15 Information Extraction
Biswanath Dutta
I. Objectives
To study the concepts related to Information Extraction.
II. Learning Outcome
After reading this module:
• The reader will have knowledge about the concept of Information Extraction and its significance
• The reader will understand the key factors that contribute to the growth of Information Extraction (IE).
• The user will gain the knowledge of different IE system which used for extracting information from various domains.
• The reader will understand the generic architecture of IE system and its types like Named entity recognition, Co-reference resolution, etc.
• The reader will gain the knowledge of various applications of IE.
• The reader will learn about the use of free and open source as well as commercial software for the IE.
III. Structure
1. Introduction
2. Information Extraction: State of Art
3. Information Extraction Architecture
4. Information Extraction Types
5. Evaluation of Information Extraction Systems
6. Applications
6.1. Enterprise Applications
6.2. Personal Information Management
6.3. Scientific Applications
6.4. Web Oriented Applications
6.5. Structured Web Searches
7. Tools and Services for Information Extraction
7.1. Free or Open Source Software and Services
7.2. Paid or Commercial Software and Services
8. Summary
9. References
1. Introduction
In the past few years there is a rapid escalation in the textual information present in digital form in various repositories both on web and on intranet. Major portion of this digital content e.g. government documents, news, corporate reports, social media contents etc. are available in unstructured form like free-text documents. The search of information from this unstructured content is a difficult task, so this raises the need for efficient and effective techniques for analyzing them and finding relevant information from it in the structured form. This led to the growth of information extraction techniques.

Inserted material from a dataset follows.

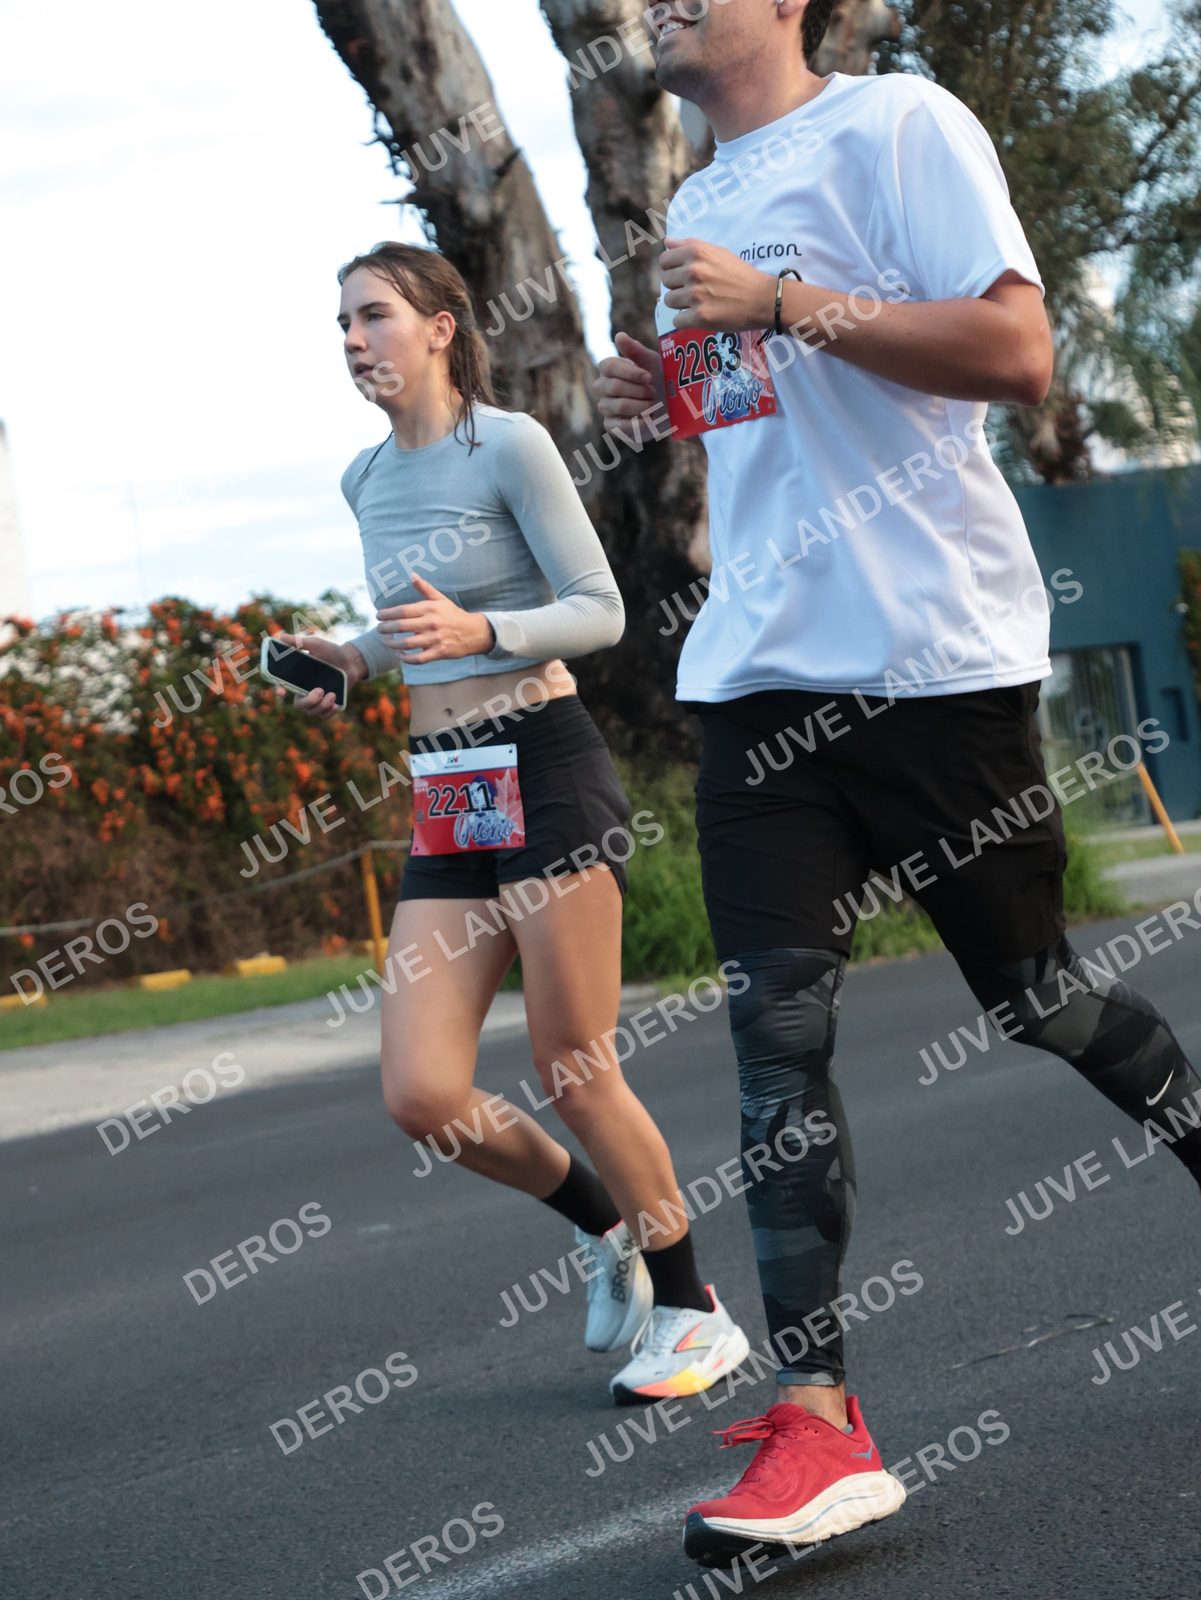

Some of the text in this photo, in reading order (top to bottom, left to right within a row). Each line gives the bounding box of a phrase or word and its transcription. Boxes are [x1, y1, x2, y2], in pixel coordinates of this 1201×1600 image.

The term Information Extraction means the structured information like entities, relationships between entities and attributes describing these entities from unstructured sources are automatically extracted. This facilitates wide range of queries on the abundant unstructured data sources which would be otherwise not possible with ordinary keyword search technique. The Information Extraction has a goal of identifying a set of predefined concepts of a specific domain by extracting it from other irrelevant information that is available in a particular domain.
Information Extraction (IE) and Information Retrieval (IR) are complementary to each other but the former has not gained as much attention as the later. IE systems are much more complex and knowledge-intensive in principle than IR systems. The IR results are based on key-word search on a corpus of textual documents and relevant contents based on the query are selected and thesaurus can be used to augment the result. Usually, in IR process a ranked list of documents is presented against a query according to the decreasing relevance of the documents but no detailed information about the content of the document is provided in this ranked list. On the other hand, IE doesn’t provide any such ranked list neither selects documents; rather it extracts important facts about the query to have relevant, rich depiction of the content and this can be used to populate databases which give input in structured form for mining complex patterns from the document corpus. So, IE provides the efficient techniques which enables search and discovery of knowledge in such document collections. However, in IE systems for pre-filtering a large corpus of documents, IR systems are used and in IR systems to identify structures for intelligent document indexing, IE techniques are employed.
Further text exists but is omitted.